We can certainly believe that generative and operational AI intelligently powers every transaction, interaction and event in the business landscape. However, this is far from the case. Currently, only five percent of companies have implemented generative AI in their large-scale production.
Yet at the same time, AI has enormous potential to enable the delivery or exploitation of real-time data analytics.
This is the gist of a recent investigation by Wavestone, which finds that the combination of data analytics and generative AI is the most in-demand capability within large organizations. Eighty-eight percent of executives said investments in data and analytics are their top priority, and 63% prioritize investments in generative AI.
Real-time data is at the heart of this transformation. Organizations seeking to drive business innovation from data have jumped from 60% to 78% over the past five years, while organizations competing on data and analytics have increased from 41% to 50%.
See also: Generative AI: a symphony of precision throughout the data lifecycle
The role of data as a strategic driver of business growth has also seen a notable evolution. “Regardless of its novelty, generative AI appears to have catalyzed more positive change in organizations’ data and analytics cultures than at any time since this survey began,” which was first conducted in 2012, they said. declared the authors of the study, Thomas Davenport And Randy Beanreport.

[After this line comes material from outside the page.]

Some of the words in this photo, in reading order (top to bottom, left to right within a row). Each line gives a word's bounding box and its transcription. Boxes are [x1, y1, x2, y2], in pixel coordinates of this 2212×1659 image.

According to the study, organizations are yet to realize substantial value from generative AI. Only five percent have implemented generative AI in large-scale production. Challenges also slow progress. Nearly all (99%) of respondents believe that generative AI requires safeguards and guardrails, but only 63% have already put them in place.

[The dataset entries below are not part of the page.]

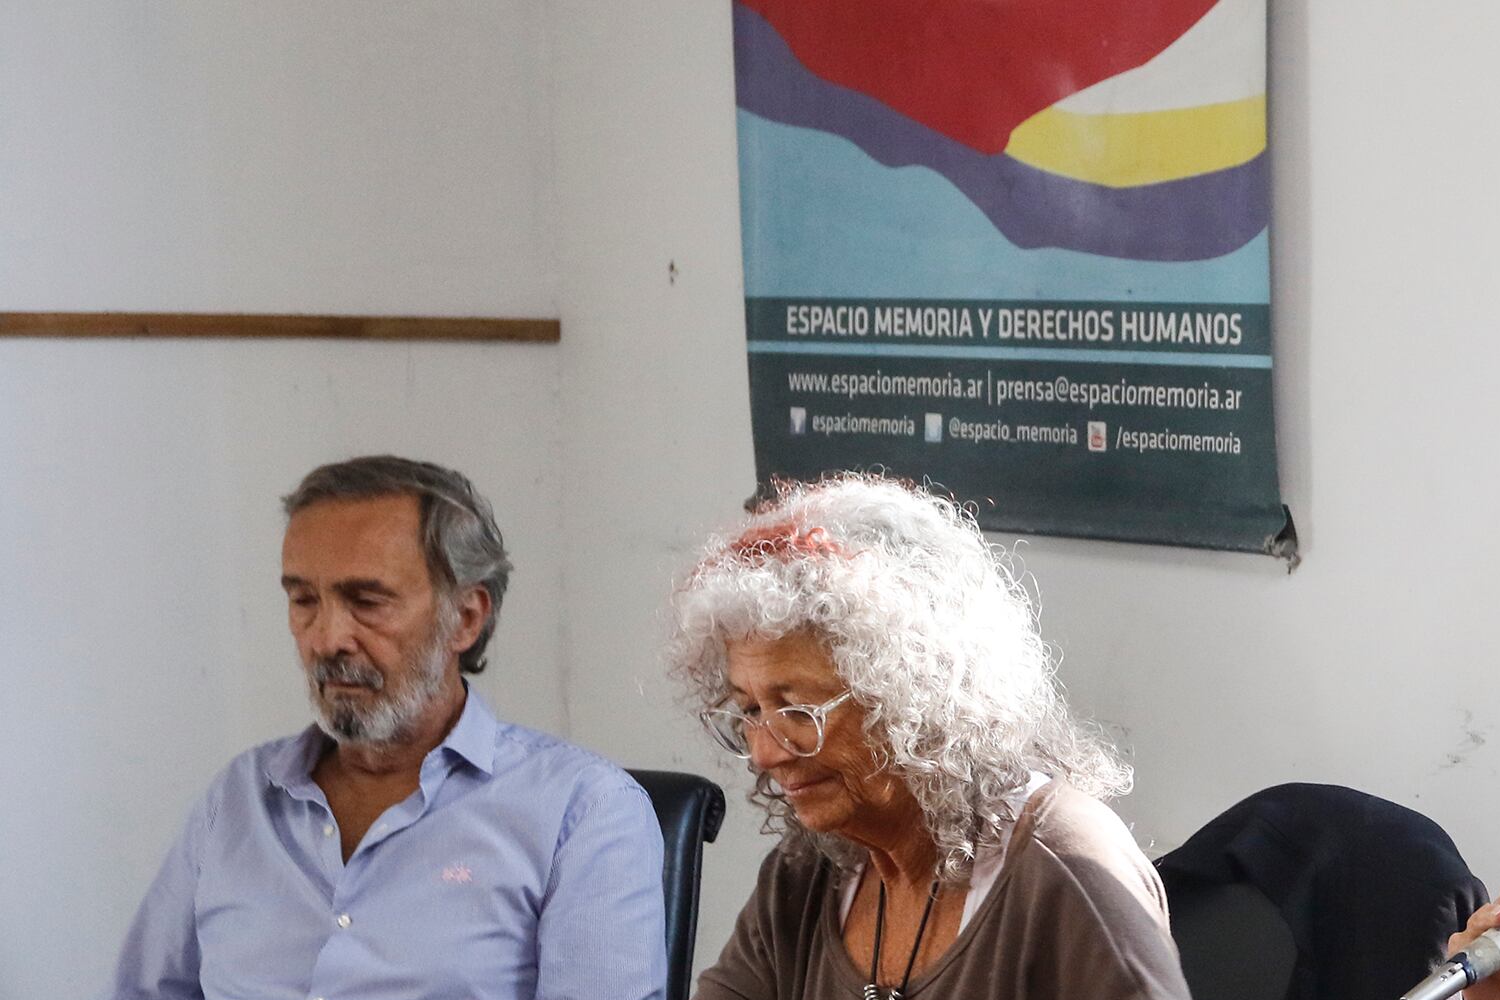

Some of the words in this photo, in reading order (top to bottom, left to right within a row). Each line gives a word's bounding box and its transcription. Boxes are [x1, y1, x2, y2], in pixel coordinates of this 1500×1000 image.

[787, 306, 869, 336] ESPACIO
[874, 307, 974, 339] MEMORIA
[979, 308, 993, 338] Y
[998, 309, 1114, 341] DERECHOS
[1121, 312, 1243, 345] HUMANOS
[788, 370, 983, 398] www.espaciomemoria.ar
[997, 376, 1243, 409] prensa@espaciomemoria.ar
[812, 413, 916, 437] espaciomemoria
[949, 416, 1078, 444] @espacio_memoria
[1115, 427, 1242, 454] /espaciomemoria

Key concerns include the role of generative AI in misinformation, ethical bias, job loss, and other risks. Only half have the talent to implement AI well.
With great powers comes great responsibilities. A clear majority of organizations, 74%, say data and AI ethics are their top priority. Yet only 16% say the industry is doing enough to address ethical concerns around data and AI. Additionally, only half of executives, 51%, say their board is familiar with the issues and responsibilities related to data and AI.